TASK OBJECTIVE:
Down to the last line below, repeat the entries word for word and drop the pictures.

DATASET EXCERPTS:
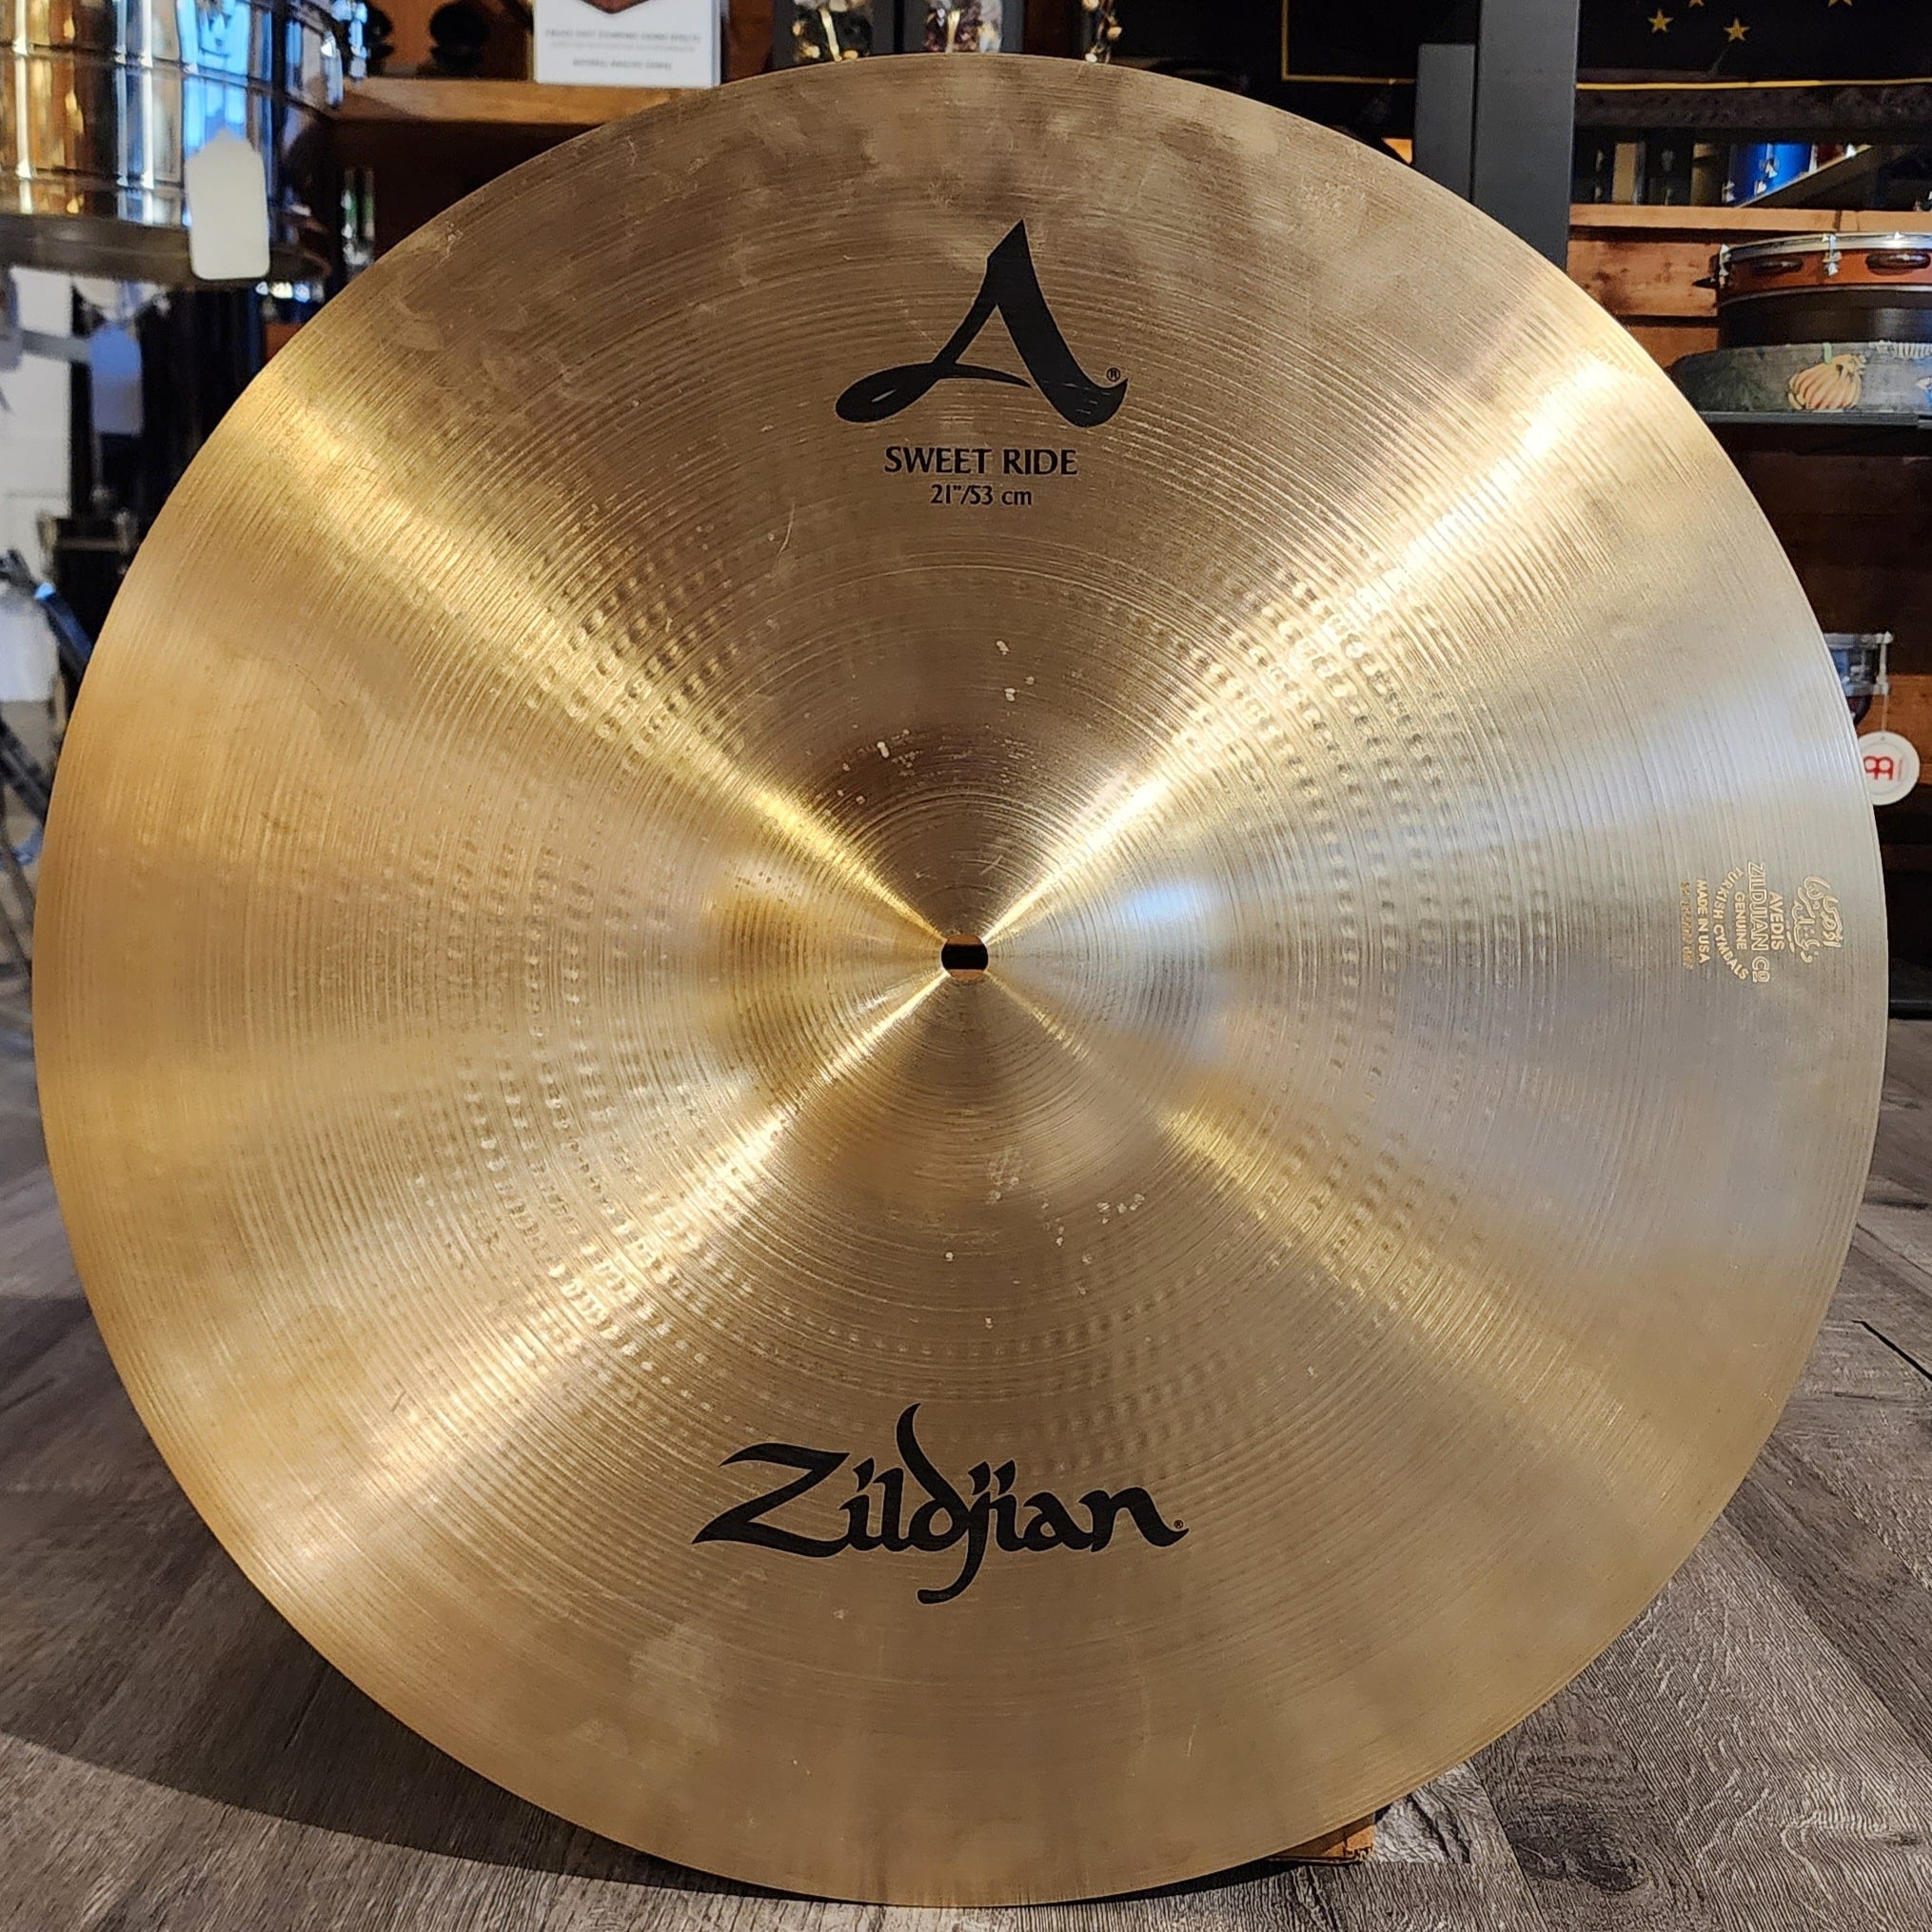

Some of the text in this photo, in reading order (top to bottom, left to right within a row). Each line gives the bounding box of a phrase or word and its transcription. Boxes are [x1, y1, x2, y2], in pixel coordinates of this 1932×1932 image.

[835, 219, 1129, 428] A
[884, 445, 1078, 476] SWEET RIDE
[1001, 488, 1033, 505] cm
[1696, 878, 1710, 964] MADE IN USA
[1713, 866, 1749, 979] TURKISH CYMBALS
[1734, 890, 1747, 950] GENUINE
[1747, 860, 1769, 951] ZILDJIAN
[1768, 890, 1784, 951] AVEDIS
[691, 1403, 1189, 1605] Zildjian
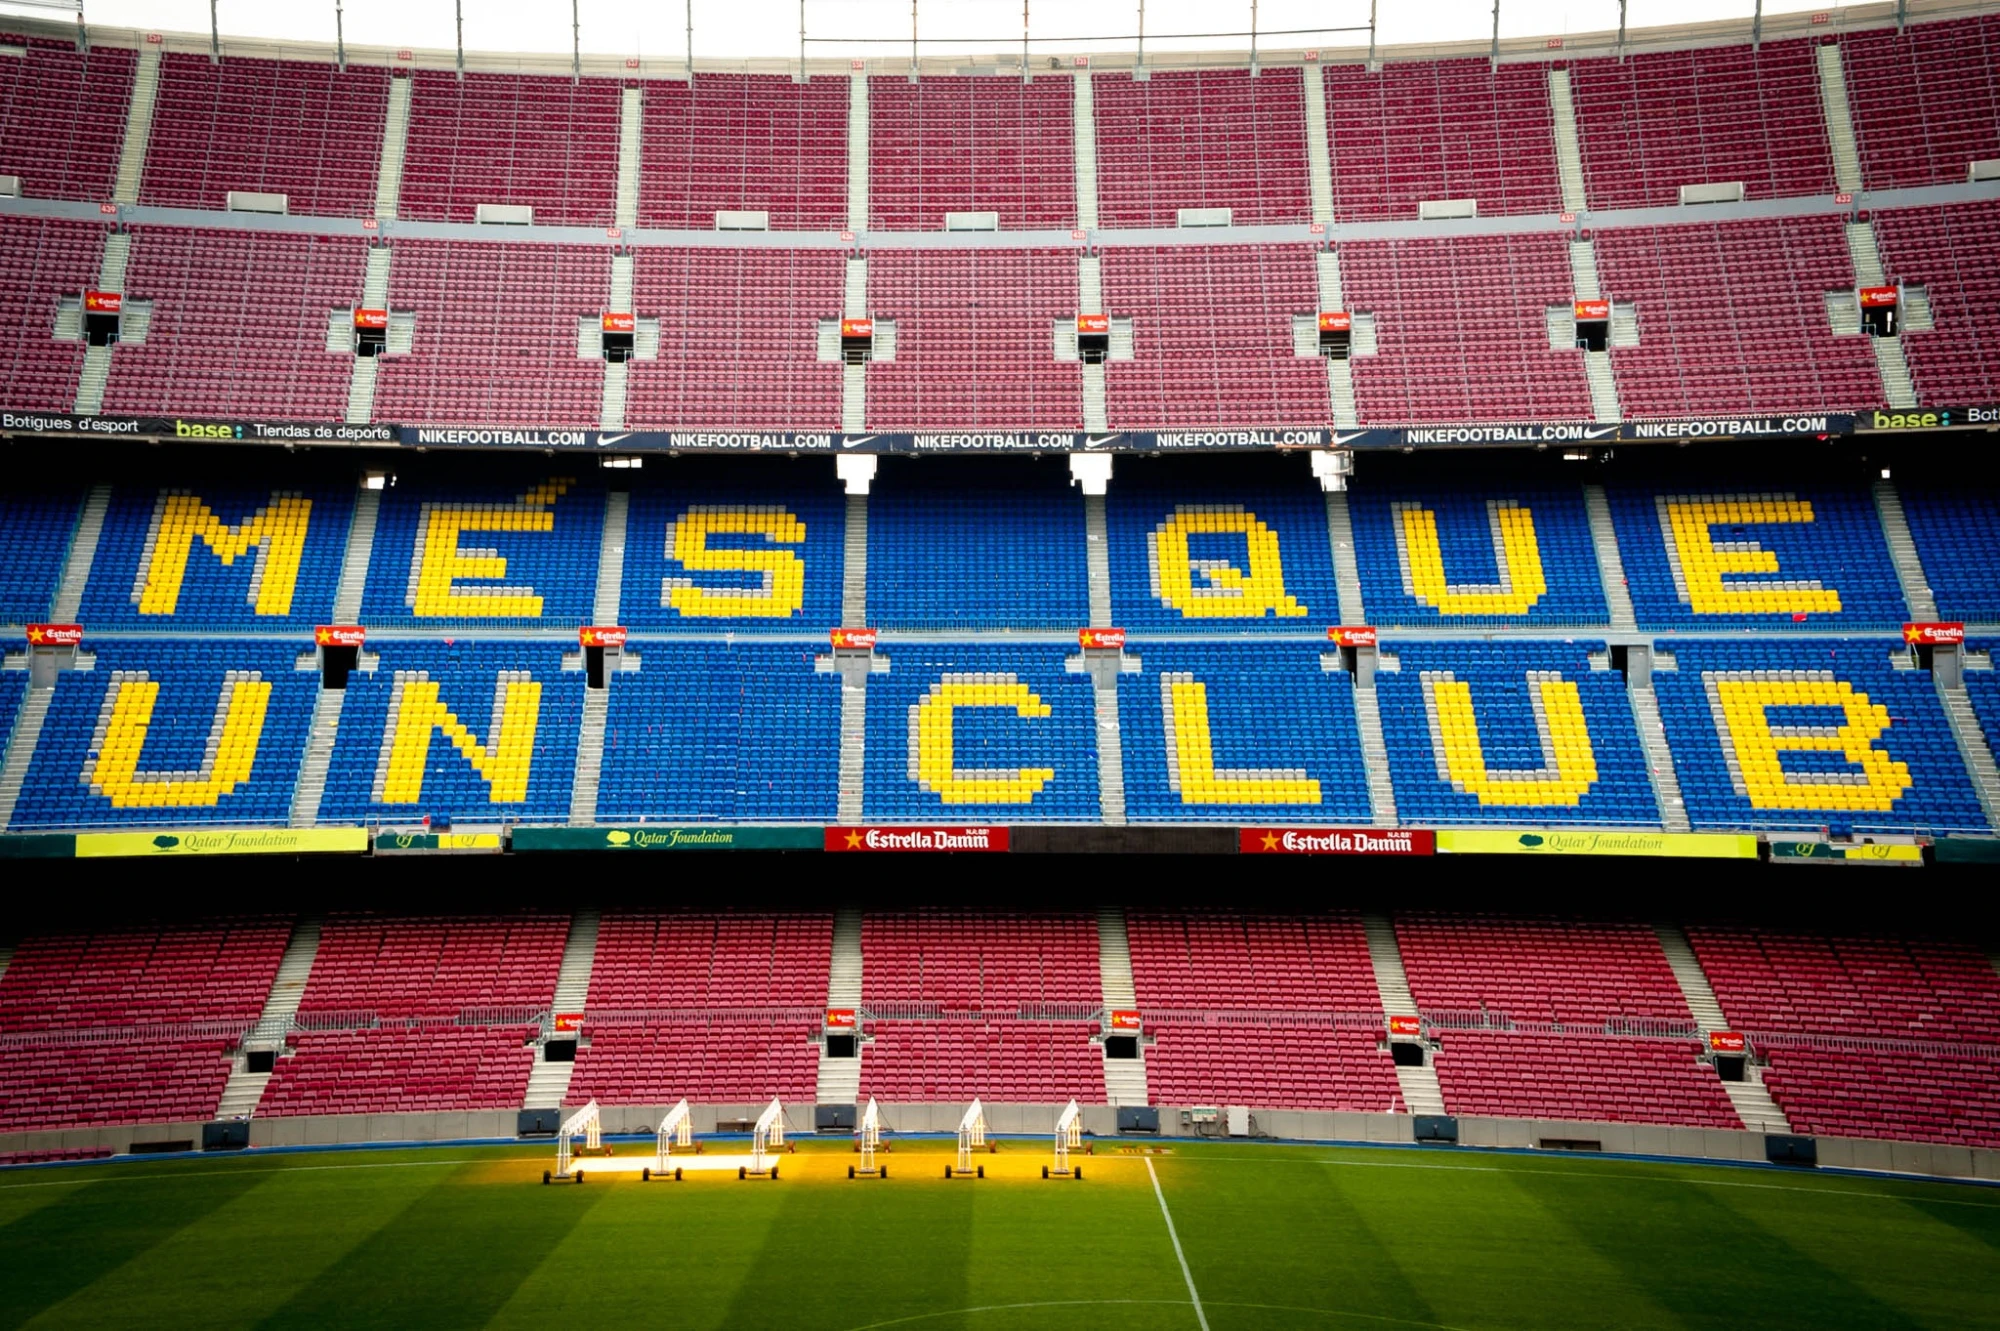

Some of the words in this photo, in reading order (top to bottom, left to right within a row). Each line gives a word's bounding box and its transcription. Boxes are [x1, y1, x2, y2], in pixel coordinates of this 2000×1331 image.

[1836, 194, 1852, 203] 432
[101, 205, 116, 213] 439
[3, 414, 72, 431] Botigues
[79, 418, 139, 434] d'esport
[254, 423, 310, 437] Tiendas
[314, 425, 333, 437] de
[337, 426, 390, 440] deporte
[1636, 418, 1826, 437] NIKEFOOTBALL.COM
[419, 430, 585, 445] NIKEFOOTBALL.COM
[670, 434, 830, 448] NIKEFOOTBALL.COM
[914, 435, 1074, 448] NIKEFOOTBALL.COM
[1157, 432, 1321, 447] NIKEFOOTBALL.COM
[1407, 426, 1582, 443] NIKEFOOTBALL.COM
[131, 477, 808, 620] MÉS
[1146, 492, 1844, 620] QUE
[46, 629, 82, 640] Estrella
[331, 630, 365, 640] Estrella
[595, 631, 626, 641] Estrella
[846, 632, 876, 642] Estrella
[1094, 632, 1125, 642] Estrella
[1344, 630, 1375, 641] Estrella
[1924, 627, 1963, 638] Estrella
[80, 670, 543, 808] UN
[908, 670, 1914, 813] CLUB
[184, 835, 224, 851] Qatar
[224, 832, 297, 850] Foundation
[634, 830, 668, 847] Qatar
[667, 830, 733, 847] Foundation
[866, 829, 932, 849] Estrella
[933, 831, 989, 849] Damm
[1283, 831, 1351, 852] Estrella
[1353, 833, 1412, 852] Damm
[1549, 835, 1587, 851] Qatar
[1586, 834, 1663, 851] Foundation

RESPONSE TO THIS EXERCISE:
Some of the text in this photo, in reading order (top to bottom, left to right within a row). Each line gives the bounding box of a phrase or word and its transcription. Boxes are [x1, y1, x2, y2], in pixel coordinates of this 1932×1932 image.

[835, 219, 1129, 428] A
[884, 445, 1078, 476] SWEET RIDE
[1001, 488, 1033, 505] cm
[1696, 878, 1710, 964] MADE IN USA
[1713, 866, 1749, 979] TURKISH CYMBALS
[1734, 890, 1747, 950] GENUINE
[1747, 860, 1769, 951] ZILDJIAN
[1768, 890, 1784, 951] AVEDIS
[691, 1403, 1189, 1605] Zildjian

Some of the words in this photo, in reading order (top to bottom, left to right within a row). Each line gives a word's bounding box and its transcription. Boxes are [x1, y1, x2, y2], in pixel coordinates of this 2000×1331 image.

[1836, 194, 1852, 203] 432
[101, 205, 116, 213] 439
[3, 414, 72, 431] Botigues
[79, 418, 139, 434] d'esport
[254, 423, 310, 437] Tiendas
[314, 425, 333, 437] de
[337, 426, 390, 440] deporte
[1636, 418, 1826, 437] NIKEFOOTBALL.COM
[419, 430, 585, 445] NIKEFOOTBALL.COM
[670, 434, 830, 448] NIKEFOOTBALL.COM
[914, 435, 1074, 448] NIKEFOOTBALL.COM
[1157, 432, 1321, 447] NIKEFOOTBALL.COM
[1407, 426, 1582, 443] NIKEFOOTBALL.COM
[131, 477, 808, 620] MÉS
[1146, 492, 1844, 620] QUE
[46, 629, 82, 640] Estrella
[331, 630, 365, 640] Estrella
[595, 631, 626, 641] Estrella
[846, 632, 876, 642] Estrella
[1094, 632, 1125, 642] Estrella
[1344, 630, 1375, 641] Estrella
[1924, 627, 1963, 638] Estrella
[80, 670, 543, 808] UN
[908, 670, 1914, 813] CLUB
[184, 835, 224, 851] Qatar
[224, 832, 297, 850] Foundation
[634, 830, 668, 847] Qatar
[667, 830, 733, 847] Foundation
[866, 829, 932, 849] Estrella
[933, 831, 989, 849] Damm
[1283, 831, 1351, 852] Estrella
[1353, 833, 1412, 852] Damm
[1549, 835, 1587, 851] Qatar
[1586, 834, 1663, 851] Foundation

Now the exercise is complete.